農研機構がテンサイ育種圃場を3D再現/野菜・畑作関連機器特集

農研機構は1月21日、東京大学大学院農学生命科学研究科と共同で、ドローンで撮影した連続撮影画像を用いて、テンサイ育種圃場を3Dで再現したと公表した。
テンサイの糖収量を決める根重や根中糖度は、地上部の茎葉の展開程度及び茎葉の総量と関連している。3Dで再現した育種圃場では、その位置情報から地上部の植被率、草高などの表現型データがデジタル情報として抽出され、数値化できる。この手法で得られた地上部の大規模データと、地下部の根重や根中糖度の関係を解析した結果、収穫後の糖収量を正確に予測できることがわかった。
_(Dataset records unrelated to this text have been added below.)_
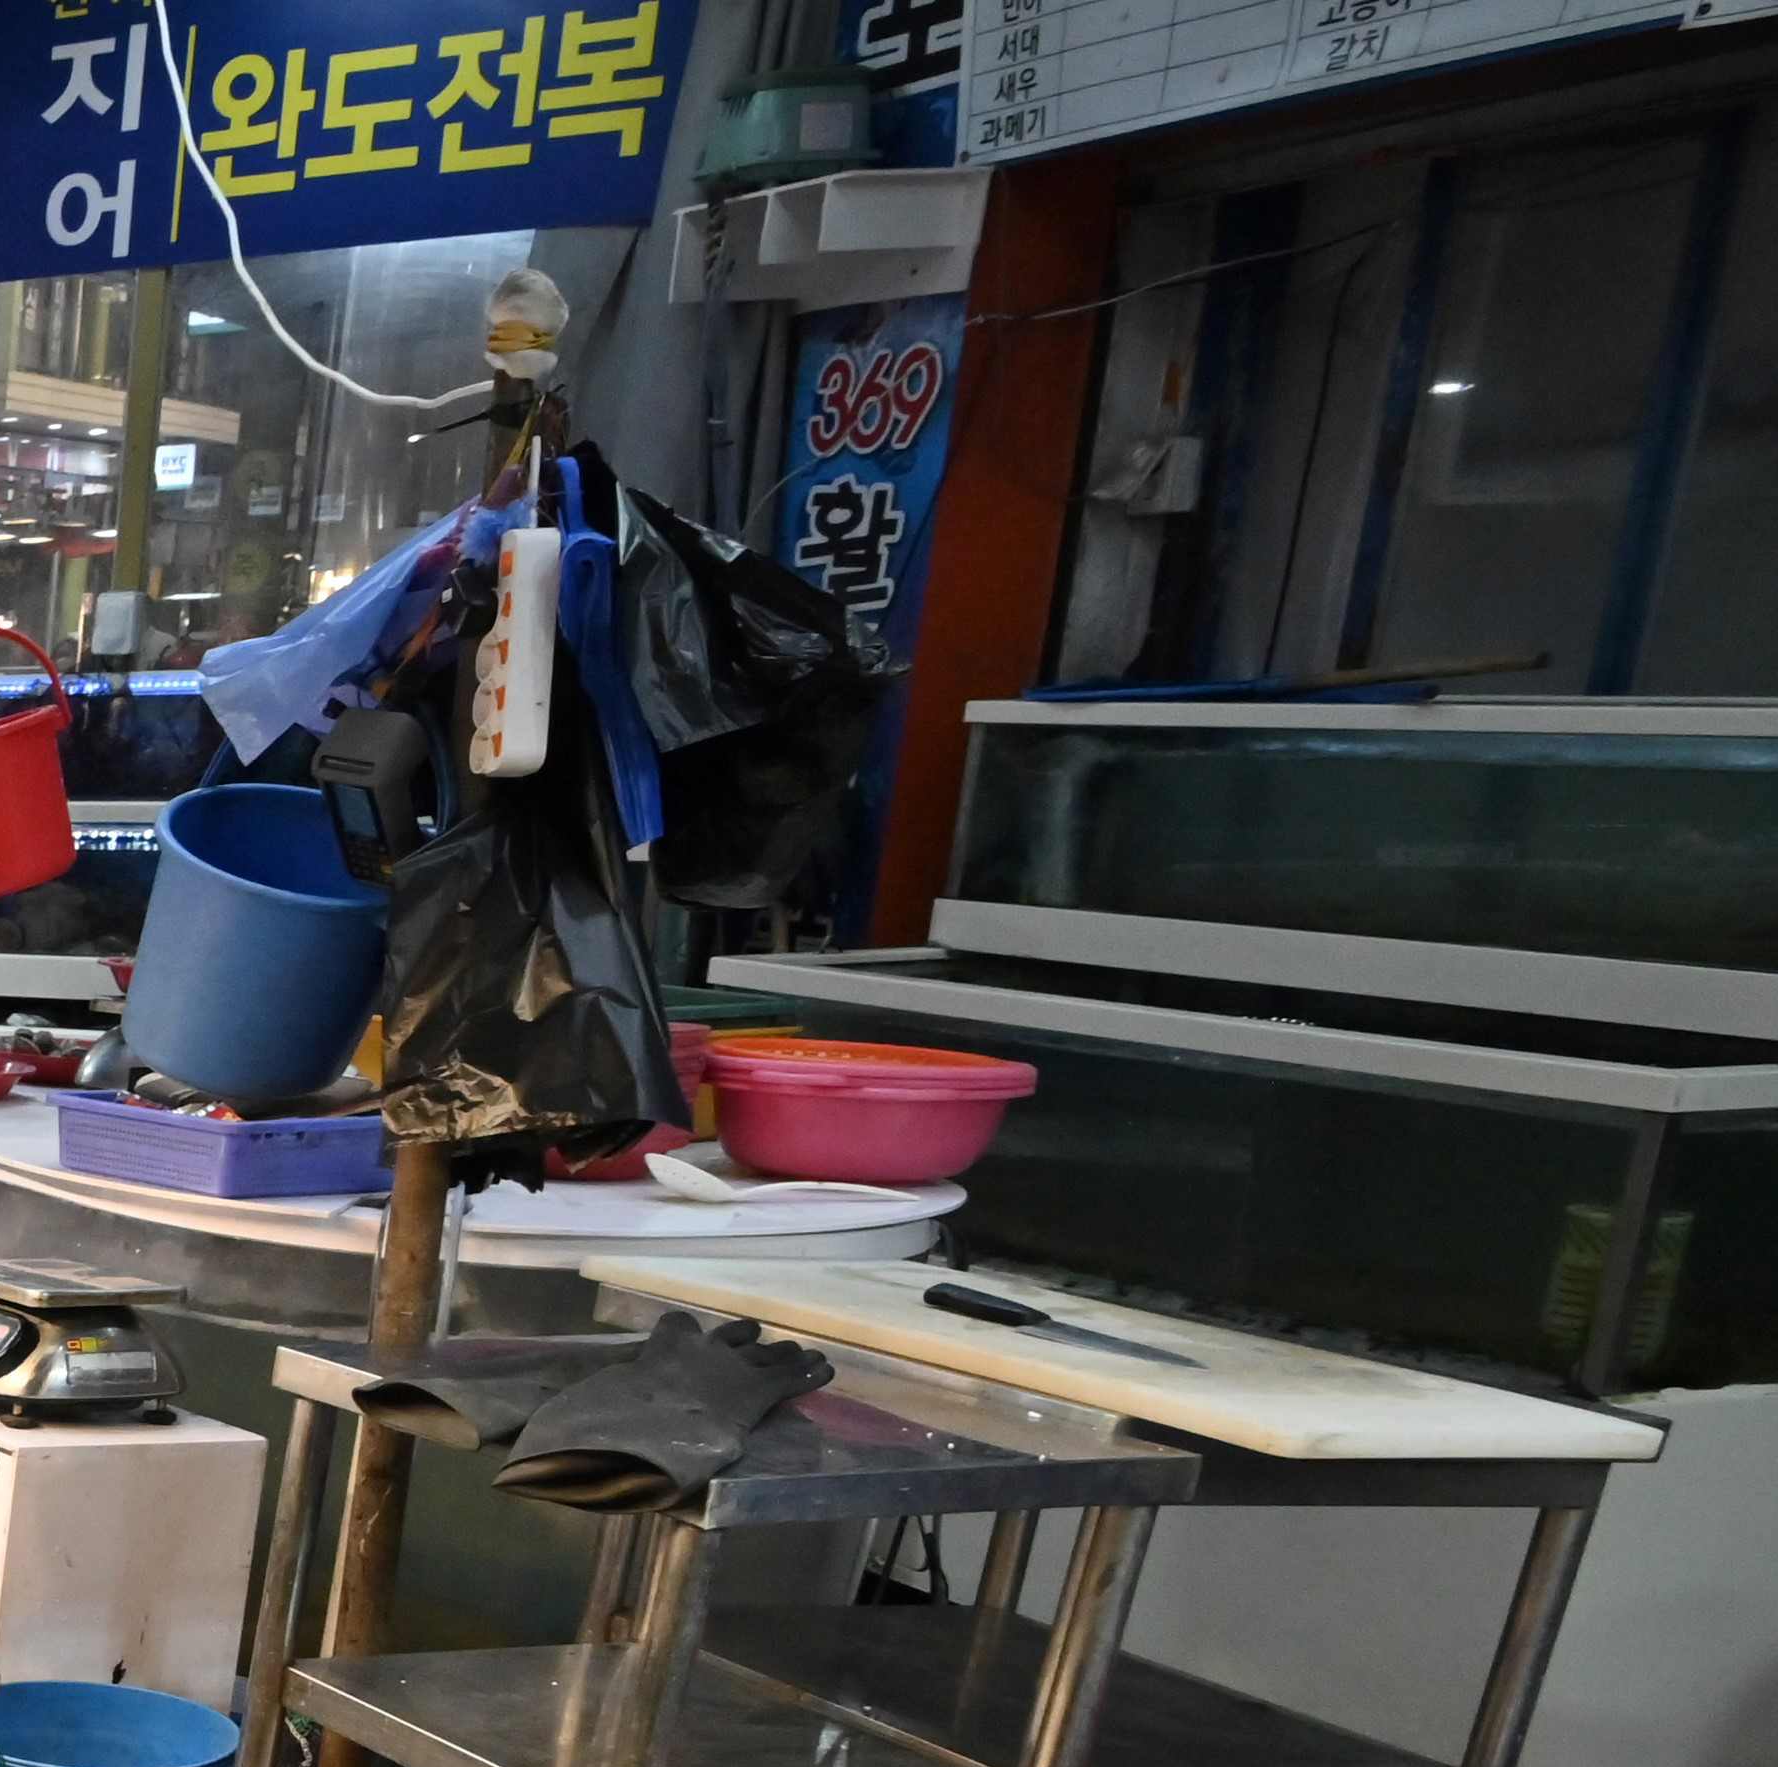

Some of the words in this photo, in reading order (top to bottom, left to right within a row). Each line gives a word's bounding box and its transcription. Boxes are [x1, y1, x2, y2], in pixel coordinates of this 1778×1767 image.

[998, 25, 1040, 61] 서대
[1326, 25, 1390, 72] 갈치
[200, 2, 664, 196] 완도전복
[995, 68, 1038, 101] 새우
[979, 105, 1045, 146] 과메기
[808, 342, 941, 456] 369
テンサイは砂糖の原料作物であり、品種開発においては、地下部の糖収量が重要な選抜指標となる。これまで、多数の品種候補を栽培する試験圃場では、目視で得られる地上部の生育情報だけでは地下部の判断が難しいため、全ての品種候補の地下部を手作業で収穫し、根重や根中糖分などを計測して糖収量を求めていた。
同技術を用いることで、圃場全体の糖収量を、試験区単位で収穫前に予測することが可能となるため、糖収量を指標とした育種選抜が容易になり、テンサイの品種開発を大幅に効率化できるとしている。
さらに、ドローン空撮画像と画像解析技術を利用したデータ駆動型の育種圃場のデジタル化は、テンサイ以外の作物にも応用可能であることから、将来、遺伝子解析、機械学習技術と統合した画期的な選抜育種システムの構築につながると期待が寄せられている。